Earning a license requires thousands of hours work under the supervision of a clinician. Lasola Malay diligently interned at three mental health agencies. In one, she was assigned cases of four Filipinos with limited English proficiency mandated by the court to get counseling for domestic violence.
The task introduced her to a subject still mystifying but making headlines when football legend OJ Simpson was tried and acquitted for allegedly murdering his wife and her friend. Lasola Malay found her niche and became a certified batterer intervention facilitator.
Upon receiving her license, Malay joined the Center for Domestic Violence Prevention (now CORA) in San Mateo to coordinate its (now-defunct) Filipino American Outreach.

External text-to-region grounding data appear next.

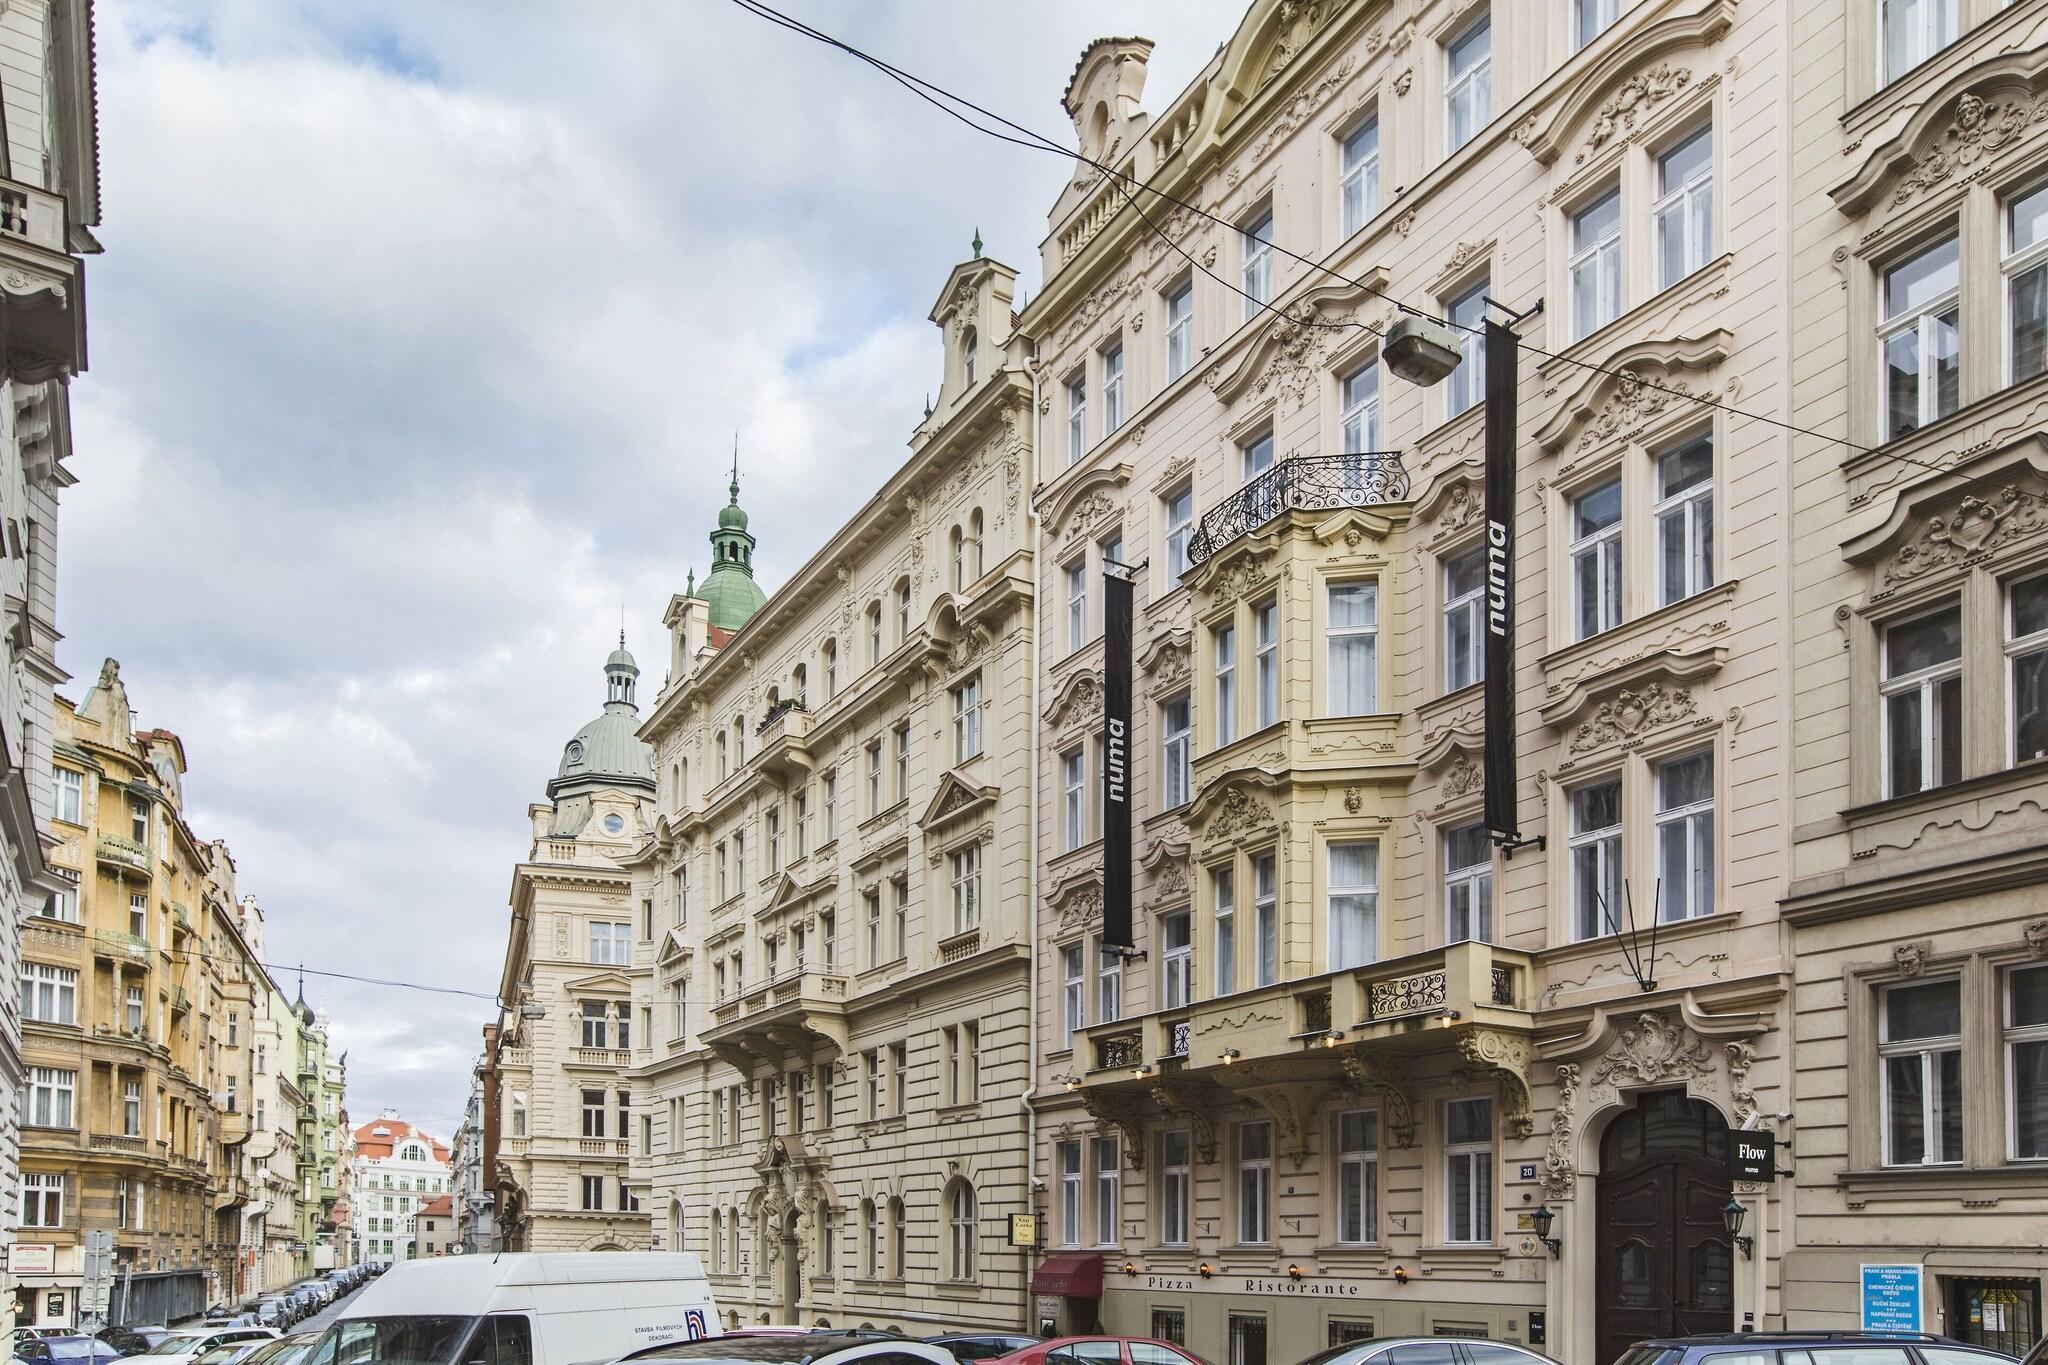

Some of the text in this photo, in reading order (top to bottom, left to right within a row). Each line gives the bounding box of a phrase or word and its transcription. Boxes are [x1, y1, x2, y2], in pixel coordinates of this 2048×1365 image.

[1489, 519, 1506, 636] numa
[1109, 717, 1124, 802] numa
[1738, 1143, 1767, 1160] Flow
[1523, 1167, 1533, 1176] 20
[1148, 1277, 1358, 1295] Pizza Ristorante

She was the first-known Fil-Am clinician to facilitate a support group for domestic violence survivors, working part-time until devoting herself to her private practice.
She was living her dream to be her own boss when life changed dramatically and almost prophetically in 2007.

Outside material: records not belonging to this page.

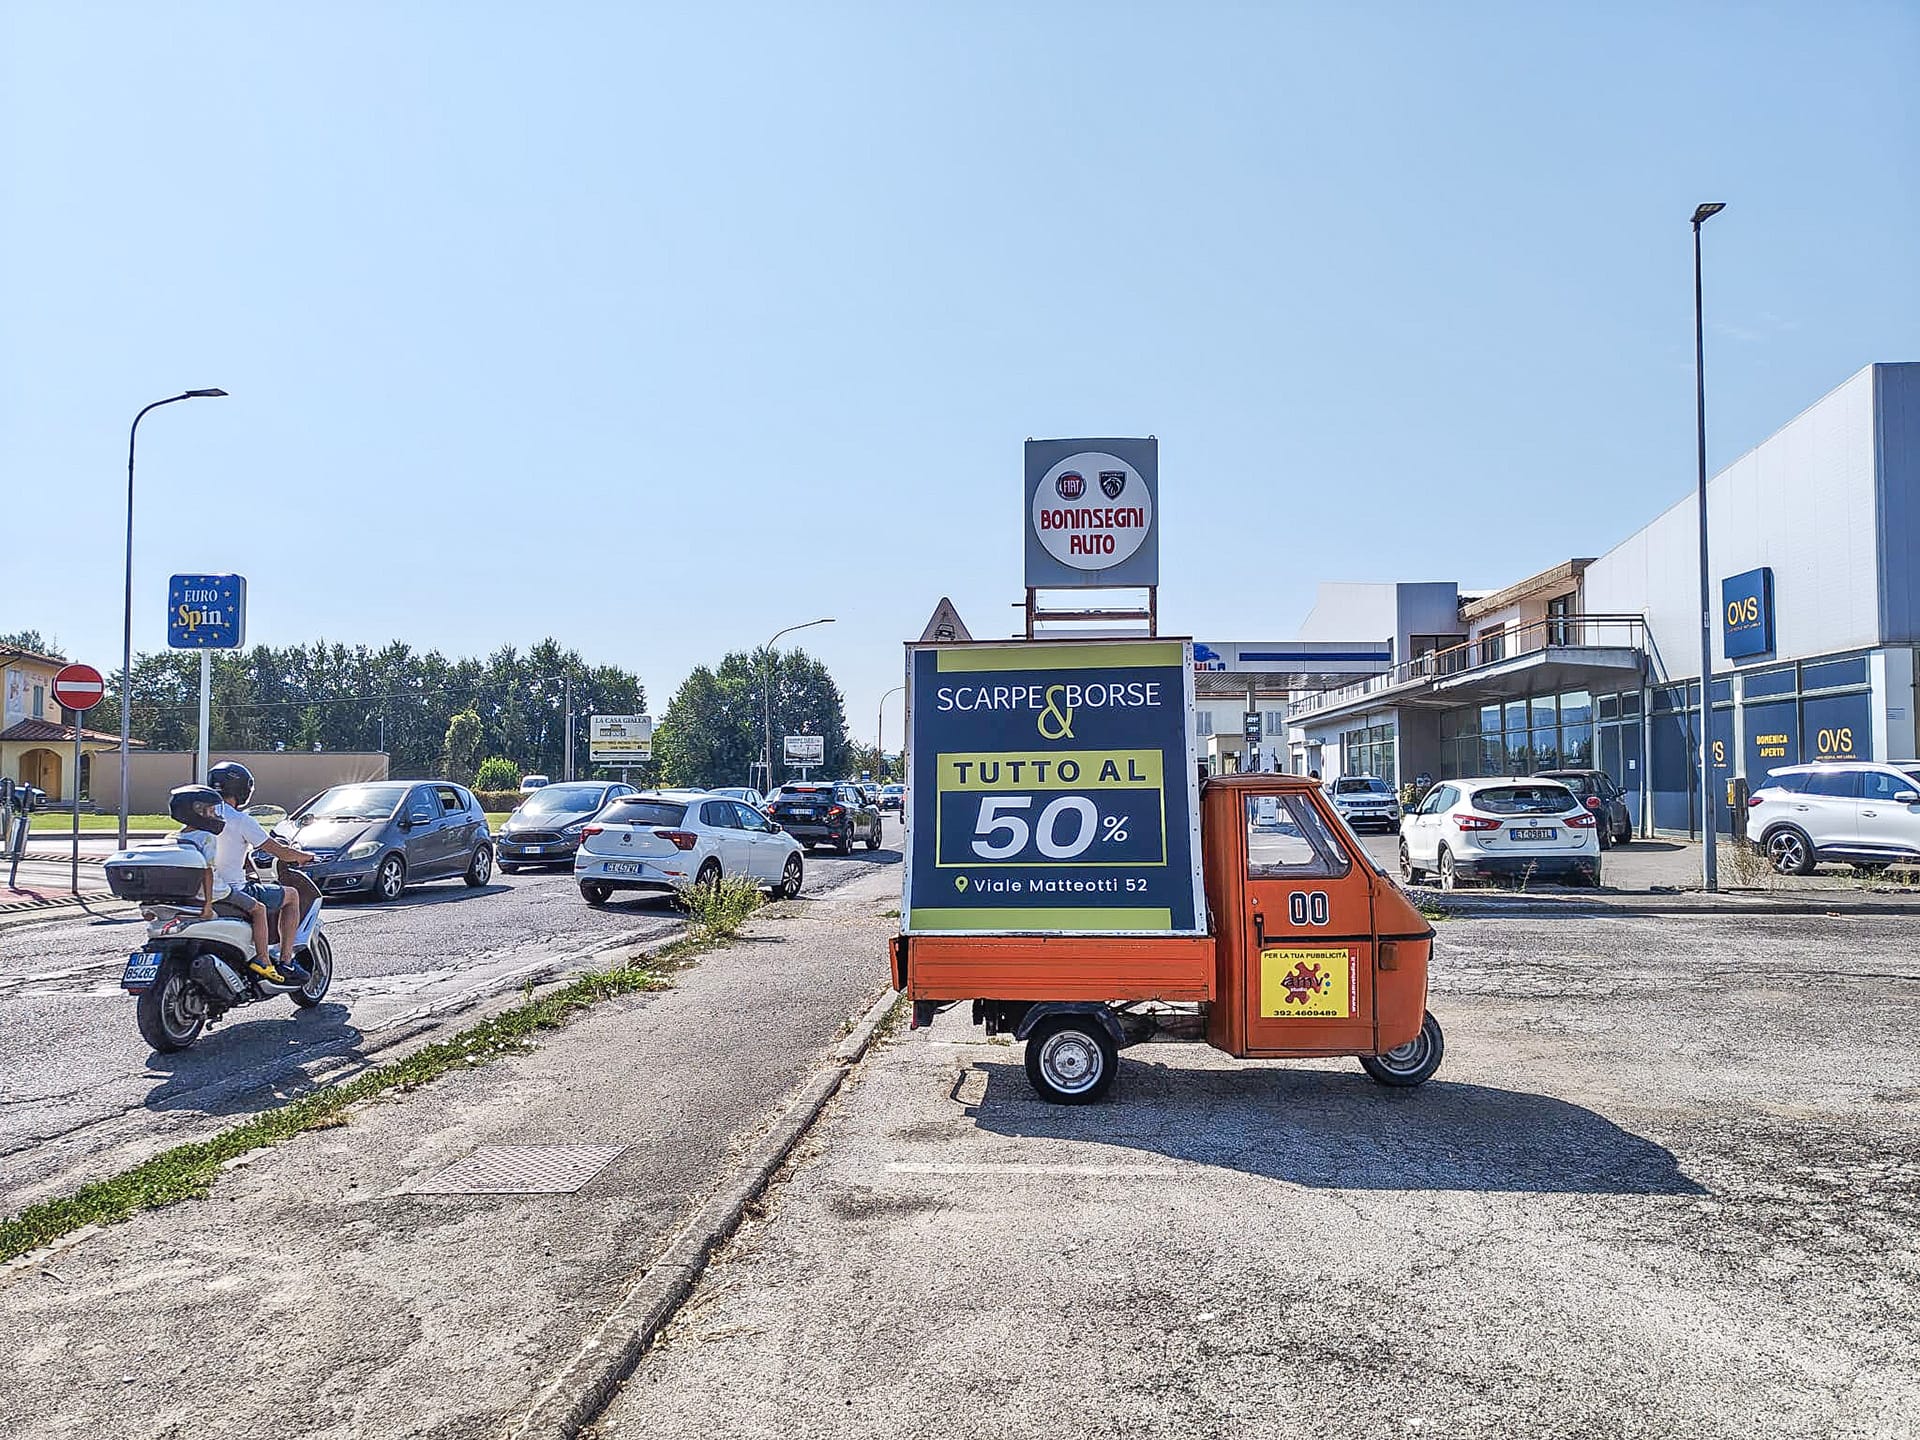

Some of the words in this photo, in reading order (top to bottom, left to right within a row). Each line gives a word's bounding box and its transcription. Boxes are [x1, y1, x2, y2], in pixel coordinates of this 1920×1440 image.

[1063, 479, 1080, 493] FIAT
[1041, 508, 1144, 529] BONINSEGNI
[1070, 534, 1115, 555] AUTO
[184, 589, 218, 602] EURO
[178, 604, 223, 632] Spin
[1728, 596, 1758, 625] OVS
[1194, 663, 1226, 671] UILA
[937, 686, 1043, 711] SCARPE
[1037, 684, 1075, 740] &
[1066, 682, 1161, 708] BORSE
[1757, 735, 1788, 745] DOMENICA
[1818, 727, 1852, 753] OVS
[1760, 747, 1785, 757] APERTO
[953, 759, 1080, 784] TUTTO
[1098, 758, 1146, 782] AL
[974, 878, 1022, 892] Viale
[1029, 878, 1118, 892] Matteotti
[1125, 878, 1147, 892] 52
[1289, 891, 1329, 926] 00

The family had flown to the Philippines to attend her younger daughter Donna’s church wedding. The big event was to coincide with her 70th birthday, with the Lasola siblings reuniting for the first time since the funeral of their patriarch 42 years prior.
One week before the wedding, Lito, who had emphysema, suffered a fatal aneurysm. His bereaved widow gave consent to proceed with the wedding “because that was what he would have wanted.” The surviving parent of the bride poured her feelings in the speech she delivered at the reception. Her words were both a tribute to her husband and testament to her philosophy.
“As a psychotherapist, I strive to practice what I preach. And one of the concepts that I teach… is the 90-10 Principle,” she told 200 guests at the bittersweet gathering. “This principle states that 10% of what happens to us, we have no control over. But 90% is how we react or respond to what happens to us. We have control over that 90%; it is a choice we make. We can react negatively or we can respond positively. I chose to respond positively!”
Setting aside her grief, Paulita decided to dance at her daughter’s wedding to “celebrate the life and love of my husband.” For it was Lito who once advised her: “Ang patay, patay na; ang buhay, buhay pa: Life must go on. (The dead are dead; life is for the living: Life must go on).”
“He enjoyed watching me dance. I know he is here in spirit and I want him to watch me dance,” she said with conviction.
Two months later she was driving home from work when she noticed her fuel gauge light up. Rather than rushing home to have her son-in-law fill up as had been his chore since Lito’s death, Paulita headed to Costco and pumped gas for the first time after studying how others did it while waiting her turn.
Her inner light flashed at that moment.
“As I read the invoice, I realized that the act of pumping gas symbolized the end of my life as a pampered married woman and the beginning of my new life as a widow, a single woman,” she analyzed herself.
She had just turned 70, starting over, modeling life lessons from her personal and professional guidebook.